Avignonet (/fr/) is a commune in the Isère department in the Auvergne-Rhône-Alpes region of south-eastern France.

==Geography==
Avignonet is located some 25 km south of Grenoble and 8 km north of Monestier-de-Clermont. Access to the commune is by the A51 autoroute (E712) which passes south through the western arm of the commune and has Exit Sinard on the commune border. Access to the village is by road D110A from Saint-Martin-de-la-Cluze in the north which comes down the western border of the commune to the village. The D110C goes east from Sinard to the dam through the south of the commune. Avignonet station has rail connections to Toulouse, Carcassonne and Narbonne. Apart from the village there are the hamlets of Le Cros and Le Mas in the south-east. There are large forests in the east of the commune with the rest of the commune farmland.

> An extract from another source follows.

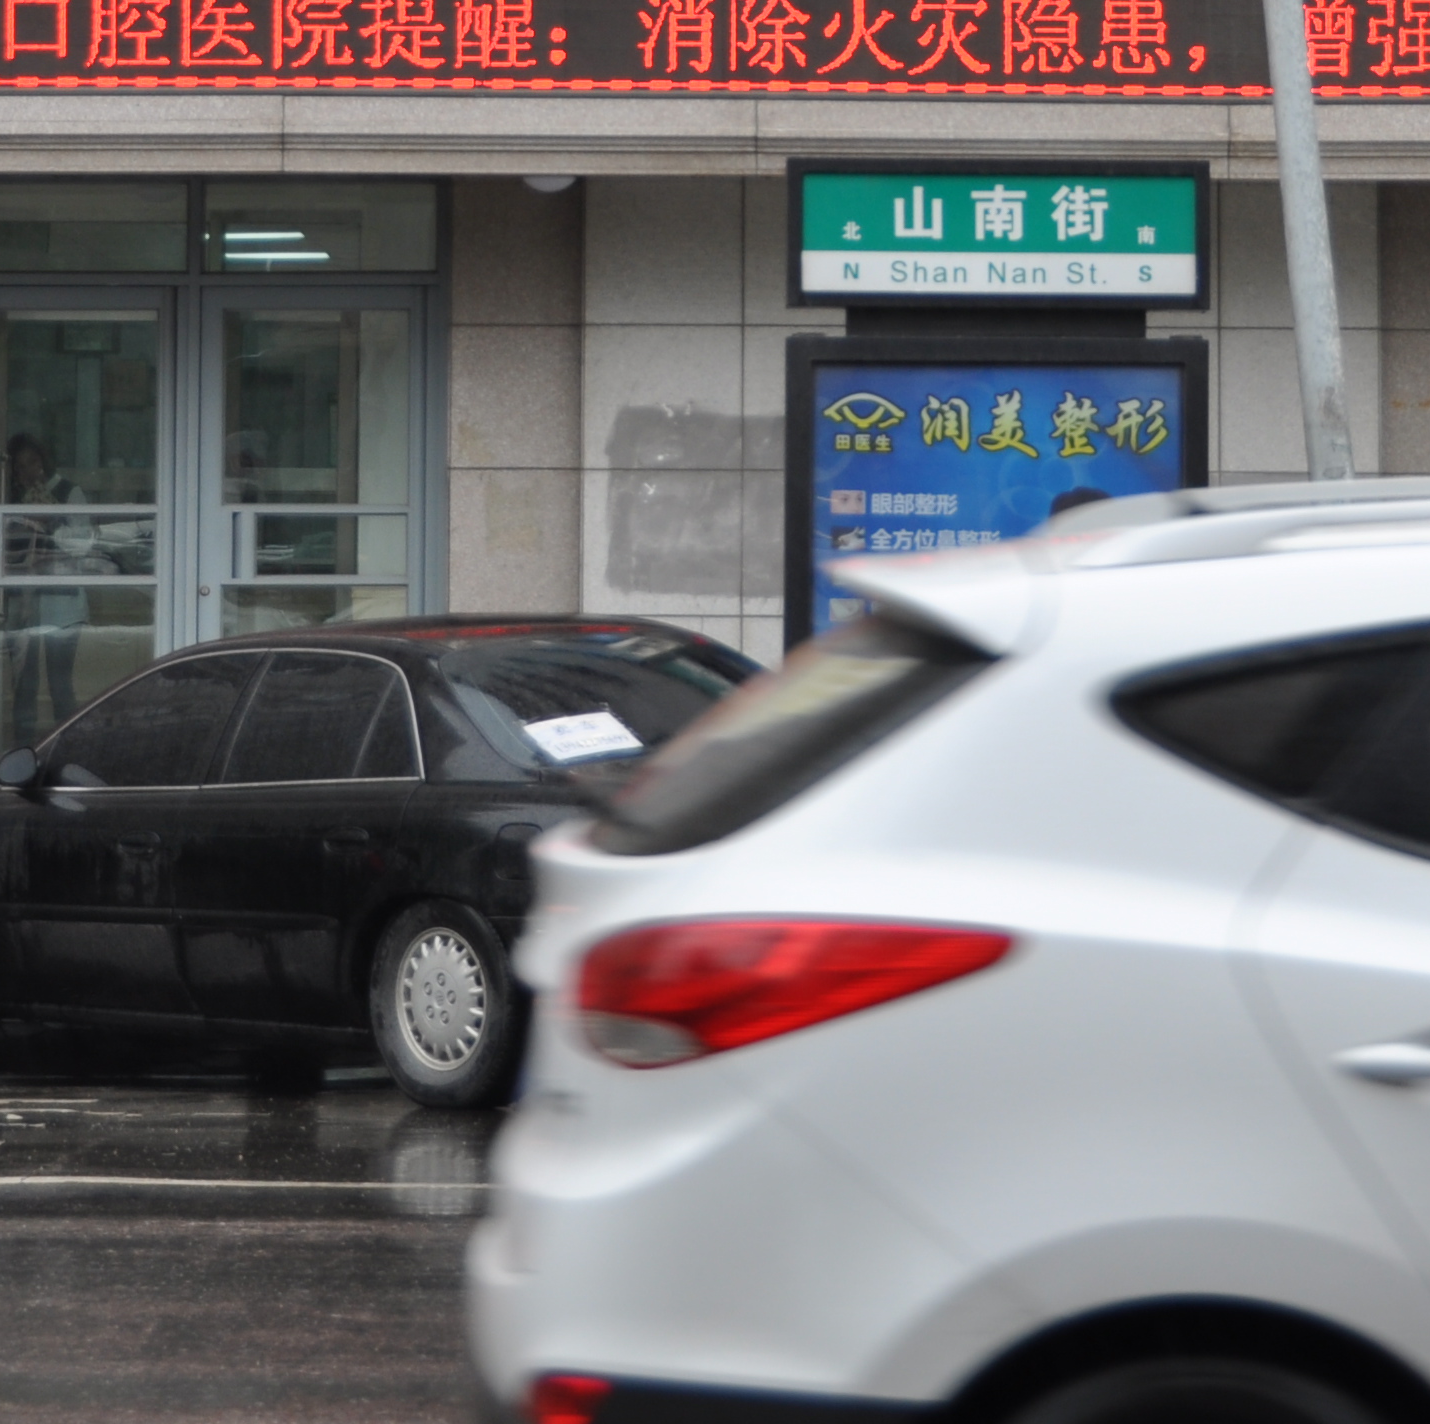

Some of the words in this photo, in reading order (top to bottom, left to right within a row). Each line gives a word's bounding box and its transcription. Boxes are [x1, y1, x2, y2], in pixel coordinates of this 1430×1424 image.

The eastern border of the commune is entirely formed by the Drac river and the large artificial Monteynard lake formed by the dam on the Drac river. Several streams rise in the commune and flow east to the lake including the Ruisseau d'Aiguettas, the Ruisseau de Mitraire, the Ruisseau de la Proche, and the Ruisseau des Vaux which forms part of the northern border.

==Administration==

List of Successive Mayors

| From | To | Name |
|---|---|---|
| 2001 | 2007 | Camille Chatelard |
| 2007 | 2026 | Jérôme Fauconnier |

==Demography==

The inhabitants of the commune are known as Avignonetins or Avignonetines in French. In 1962 its population peaked at 951, which was due to construction workers for the Lac de Monteynard-Avignonet reservoir.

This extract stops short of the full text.